First, take it seriously. When I was an executive for a big corporation in the healthcare industry, one way that my colleagues would signal that they were describing a critical issue that they wanted other executives to pay attention to was to say, "I'm serious as a heart attack."

That was, of course, a figure of speech. But delirium is literally as serious as a heart attack. Most people know that it's critical to get medical attention very quickly for people having heart attacks. The same is true for people experiencing delirium.

Heart attacks often - although not always - announce themselves. Delirium is not necessarily so forthcoming. Most delirium is "silent" and can exist for days or weeks without doctors or nurses realizing it. The odds of permanent damage increase hour by hour.

Second, be prepared. In our house, we have a "delirium notebook" to remind family members what to do if another family member is hospitalized. You can duplicate this notebook yourself, by printing out these items:

1. News articles reporting on relevant medical studies, in case other family members or medical professionals aren't familiar with the issues. Search online by headlines (quotations provide highlights):

a. "Hospitals Combat an Insidious Complication: Delirium in ICU Patients, Once Thought Temporary, Can Inflict Lasting Damage," by Laura Landro, Wall Street Journal, 17 Oct. 2007 ("The condition can have devastating long-term consequences - and ... is preventable with simple changes in care.")

b. "Hallucinations in Hospital Pose Risk to the Elderly," by Pam Belluck, New York Times, 20 June 2010 ("Elderly patients experiencing delirium were. . . placed in nursing homes 75 percent of the time, five times as often as those without delirium.")

c. "Changing Intensive Care to Improve Life Afterward," by Laura Landro, Wall Street Journal, 15 Feb. 2011 ("Fifty percent to 80 percent of people who leave the ICU later suffer from long-term cognitive impairment that appears to be related to how long they were delirious in the hospital.")
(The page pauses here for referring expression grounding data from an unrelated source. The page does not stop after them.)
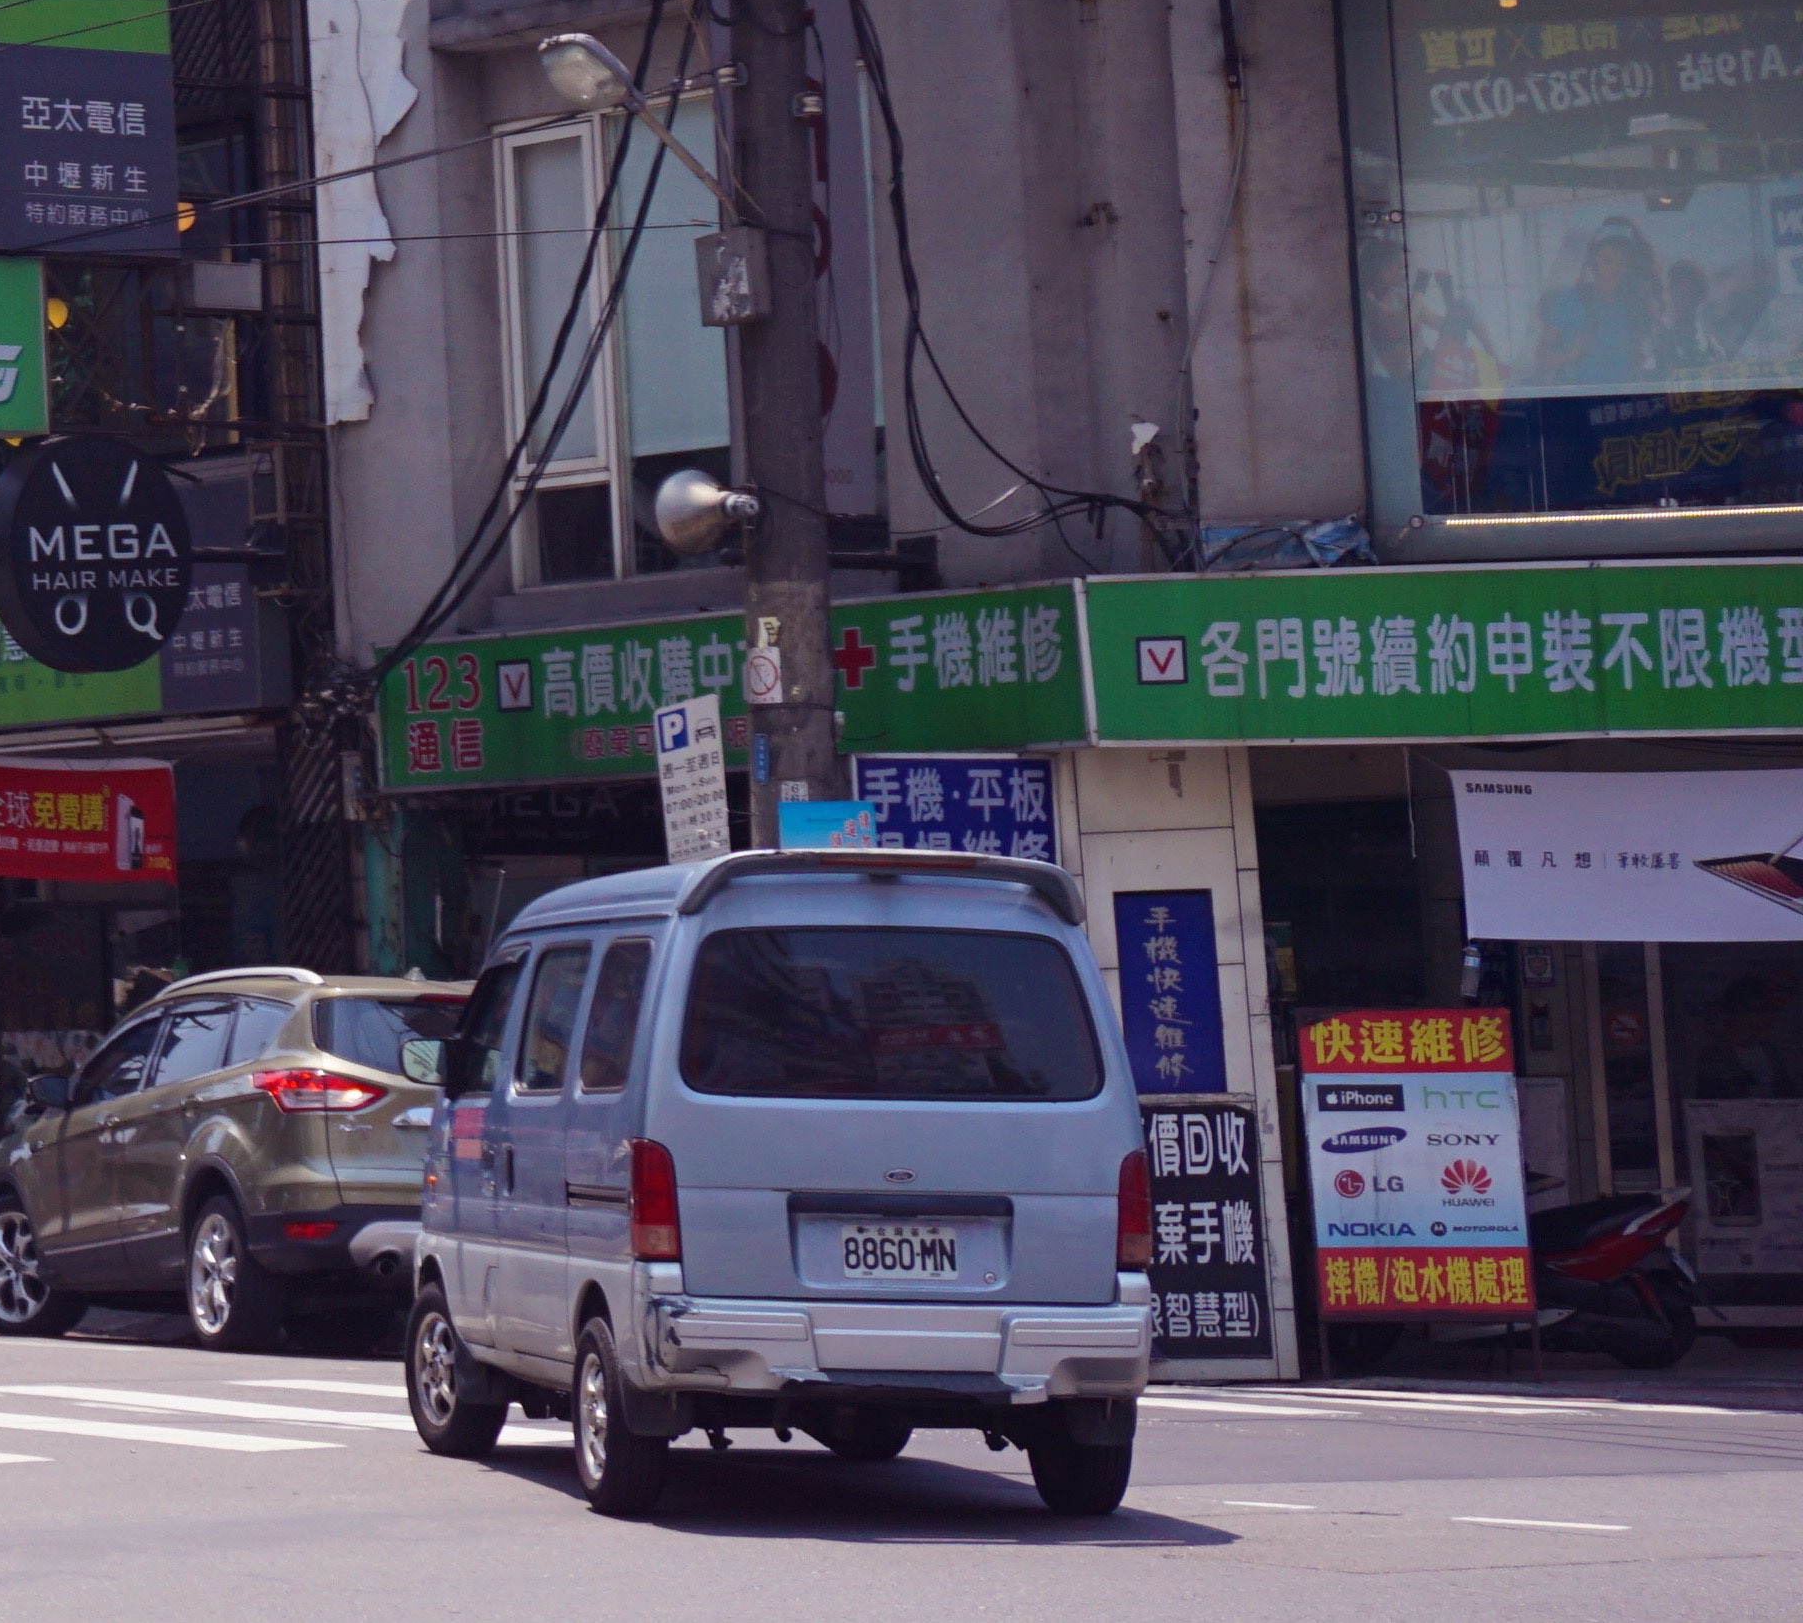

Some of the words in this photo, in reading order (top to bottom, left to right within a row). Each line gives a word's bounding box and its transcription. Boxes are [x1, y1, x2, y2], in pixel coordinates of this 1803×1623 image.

[19, 92, 148, 139] 亞太電信
[23, 158, 149, 194] 中壢新生
[24, 198, 151, 231] 特約服務中心
[27, 522, 179, 564] MEGA
[32, 571, 97, 592] HAIR
[107, 567, 182, 589] MAKE
[888, 603, 1063, 693] 手機維修
[401, 654, 483, 715] 123
[540, 633, 747, 719] 高價收購中
[406, 719, 484, 775] 通信
[661, 750, 721, 779] 週一至週日
[1464, 781, 1534, 797] SAMSUNG
[1142, 905, 1194, 1080] 手機快速維修
[1309, 1015, 1508, 1069] 快速維修
[1339, 1088, 1394, 1107] iPhone
[1147, 1112, 1251, 1177] 價回收
[1330, 1132, 1398, 1147] SAMSUNG
[1425, 1133, 1501, 1147] SONY
[1441, 1198, 1496, 1207] HUAWEI
[1150, 1199, 1257, 1269] 棄手機
[1327, 1221, 1417, 1239] NOKIA
[1451, 1223, 1520, 1234] MOTOROLA
[1325, 1255, 1530, 1306] 摔機/泡水機處理
d. "After Hospitalization, Mental Trouble for Elderly Patients," by Judith Graham, New York Times, 23 March 2012 ("It's as if people became 10 years older, from a cognitive standpoint, than they actually were before a hospitalization.")

e. "Vigilance about the Dangers of Delirium," by Jane Brody, New York Times, 01 Oct. 2012 ("Delirium could be prevented in up to 40 percent of cases. . . Yet, more often than not, delirium is misdiagnosed and mistreated.")
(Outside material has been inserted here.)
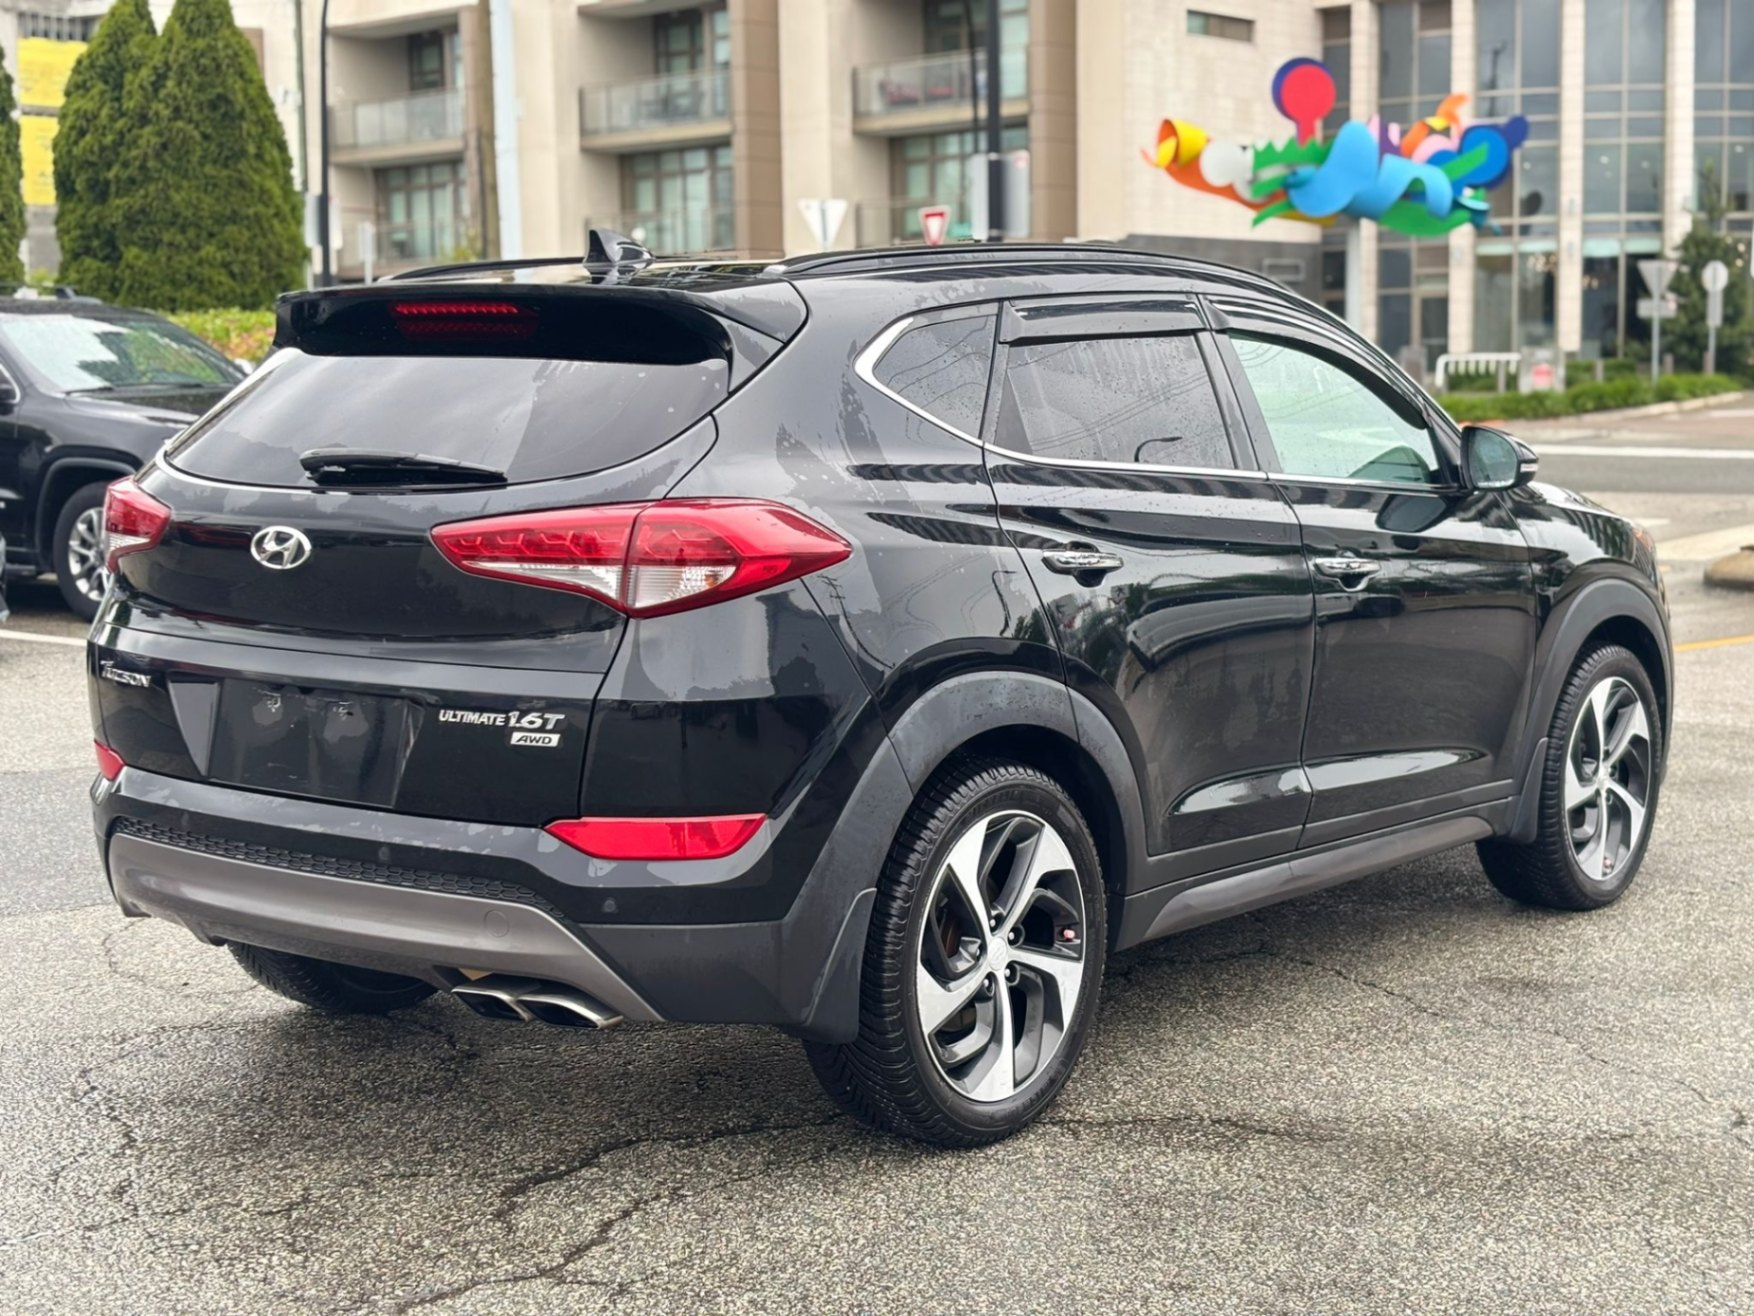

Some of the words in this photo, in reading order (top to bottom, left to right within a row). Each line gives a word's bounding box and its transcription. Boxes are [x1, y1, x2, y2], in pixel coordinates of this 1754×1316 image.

f. "Delirium in the ICU May Pose Ongoing Risk of Thinking Problems," by Thomas Andrew Gustafson, NPR, 03 Oct. 2013 ("We weren't aware, frankly, of delirium that can be very silent. And only 5 percent of delirium is. . . hyperactive.")

2. "Delirium in the Intensive Care Unit: A Guide for Families and Patients," by Vanderbilt Medical Center, found at http://www.icudelirium.org/docs/delirium_education_brochure.pdf

3. CAM-ICU (Confusion Assessment Method for the ICU) worksheet at http://www.icudelirium.org/docs/CAM_ICU_worksheet.pdf and a guideline for sedation use in the ICU, including the RASS (Richmond Agitation and Sedation Scale) at http://www.mc.vanderbilt.edu/surgery/trauma/Protocols/SedationAnalgesiaG.... While intended for doctors and nurses and referring to separate instructions, tests, and training manuals, these can give you a feel for how delirium can be diagnosed and current thinking about how much sedation is considered too little or too much. Doctors can refer to http://www.icudelirium.org/delirium/monitoring.html#page-nav-camicu.
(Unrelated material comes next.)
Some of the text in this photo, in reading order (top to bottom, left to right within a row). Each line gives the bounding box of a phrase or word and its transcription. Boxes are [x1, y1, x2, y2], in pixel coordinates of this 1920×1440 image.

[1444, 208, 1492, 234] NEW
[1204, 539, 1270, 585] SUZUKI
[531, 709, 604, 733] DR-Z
4. Four of my columns in this newspaper (search online by headline) that offer action steps you can take: "Should you worry when hospital patients lose touch with reality?" March 27, 2011; "Hospital delirium can lead to permanent mental decline," Nov. 10, 2013; "How to help loved ones avoid delirium in the hospital," Nov. 17, 2013; and today's article.

Third, insist on frequent assessments and action plans. Ask that patients be formally checked for delirium every four to six hours and that action be taken if scores show that they are delirious. If patients have not been diagnosed with delirium yet say or do irrational things not typical of them, alert a nurse or doctor and ask for a treatment plan to address the situation.